What happens if you sum Cauchy random variates?
Our group, along with a few students, has been reading statistics handbook and refreshing our understanding of the basic statistics. I was given to cover a chapter about the central limit theorem, which reminded me that I had already given a similar presentation while being PhD student myself. While diving into the topic, I have noticed a couple things, which are usually glanced over in a typical statistics handbook. Let me share them with you.
In the previous post we have taken a look at a distribution whose mean and variance are undefined. We know that the central limit theorem holds only if mean and variance of the sample distribution are defined and finite. So what happens if we sum Cauchy random variates?
If we want to figure distribution of a sum of random variates, we multiply the characteristic functions of their respective sample distributions. Here, the sample distribution is Cauchy distribution. Its characteristic function is given by,
\begin{equation} \varphi(f) = \exp\left(i x_0 f - \gamma \left|f\right|\right) . \end{equation}
In the above \( i \) stands for the imaginary unit. Because, the characteristic function is an exponential function, we simply have that the characteristic function of a sum of \( N \) Cauchy random variates is given by
\begin{equation} \varphi_N(f) = \exp\left(N \left[ i x_0 f - \gamma \left|f\right|\right]\right) . \end{equation}
Which is exactly the characteristic function of the Cauchy distribution with location at \( N x_0 \) and scale of \( N \gamma \). You may verify this conclusion using the interactive app below.

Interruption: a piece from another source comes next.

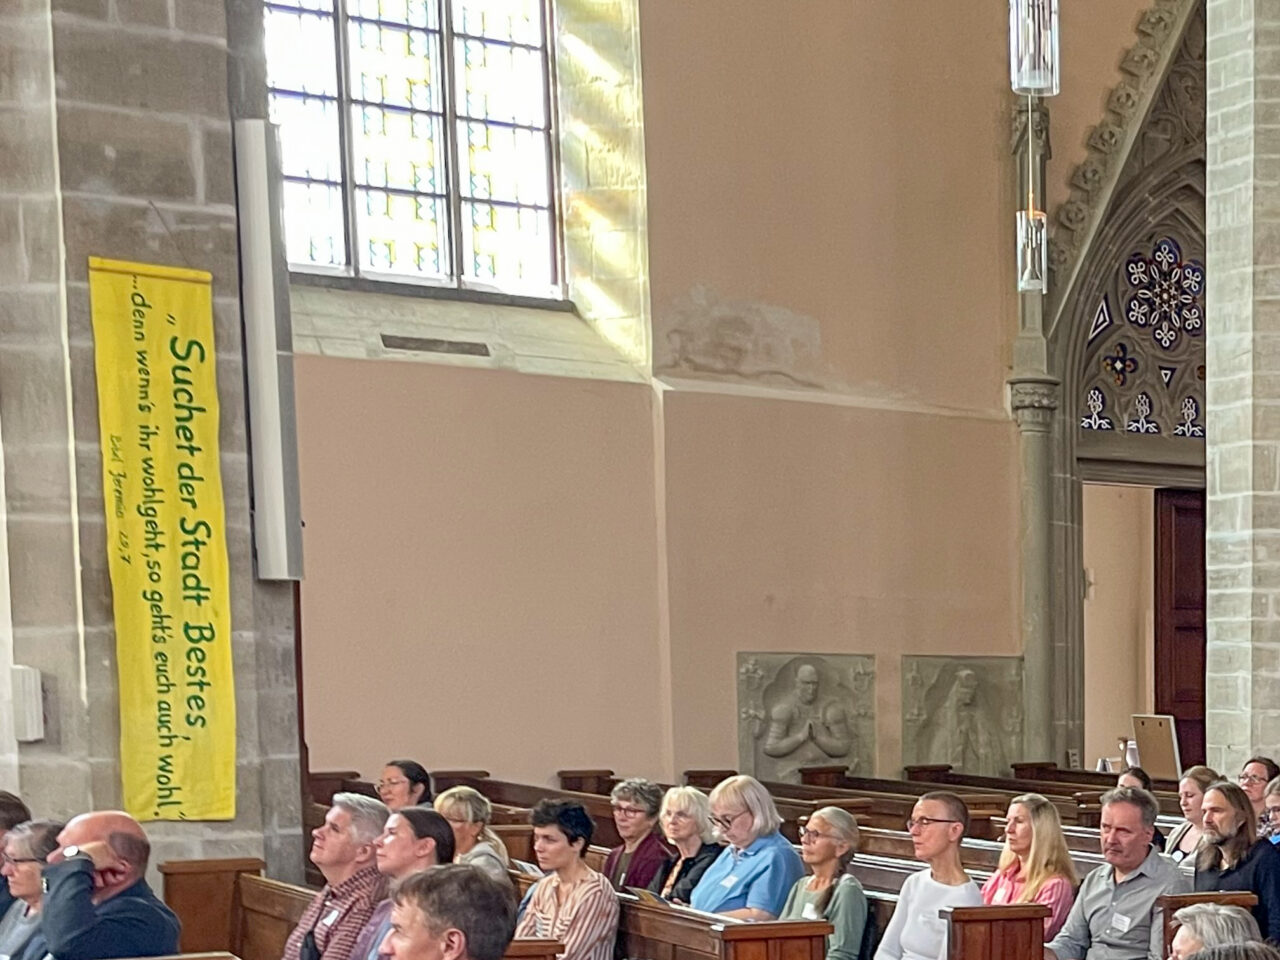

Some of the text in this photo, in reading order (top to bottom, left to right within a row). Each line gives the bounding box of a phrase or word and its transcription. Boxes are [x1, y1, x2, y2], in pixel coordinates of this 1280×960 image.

Note that the app sets theoretical distribution (black curve) parameters automatically. So, the black curve will match the simulated probability density function (red curve) rather well, unless you try and experiment with the values yourself. Observe, that if you change the theoretical distribution parameters, the agreement between the curves becomes worse.
Our observation that the sum of Cauchy random variates is also distributed according to the Cauchy distribution, means that the normal distribution is not the only stable distribution. In fact, there is a general class of stable distributions about which we will write in a future post. Though, notably, we have already used random variates sampled from a stable distribution in our earlier series of posts on ARFIMA processes (e.g., see the post on the fractional Levy stable motion).

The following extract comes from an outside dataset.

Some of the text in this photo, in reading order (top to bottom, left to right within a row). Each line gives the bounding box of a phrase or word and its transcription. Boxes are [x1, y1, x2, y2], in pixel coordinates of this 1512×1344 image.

What happens if we take average instead?
In physical experiments, it is usually fine to take an average over large batch of experiments. This average yields much better estimate of a true value than any single experimental outcome could be. But, this works only if experimental values are well-behaved. So, what happens if experimental values are Cauchy distributed?
Observe that multiplying Cauchy random variate by some positive constant \( \alpha \) simply rescales the distribution parameters, \( x_0\rightarrow\alpha x_0 \) and \( \gamma\rightarrow\alpha\gamma \). This is dictated by the mathematical form of the probability density function of the distribution,
\begin{equation} p (x) = \frac{1}{\pi\gamma \left[1 + \left(\frac{x - x_0}{\gamma}\right)^2\right]} . \end{equation}
So, if \( \alpha = 1 / N \), but the Cauchy distributed random variate we are rescaling would be not the individual experiment random variate \( x_i \), but their sum \( \sum_{i=0}^{N-1} x_i \). Then, it follows that their mean \( \frac{1}{N}\sum_{i=0}^{N-1} x_i \) is distributed according to \( \mathrm{Cauchy}(x_0, \gamma) \) as the individual experiment random variates are. This result implies that averaging Cauchy distributed experiments does not yield more information than simply conducting a single experiment. To gain more information from the multiple experiments one would need to use other tools, e.g., to fit some statistical model on the samples (e.g., using maximum likelihood estimation or such).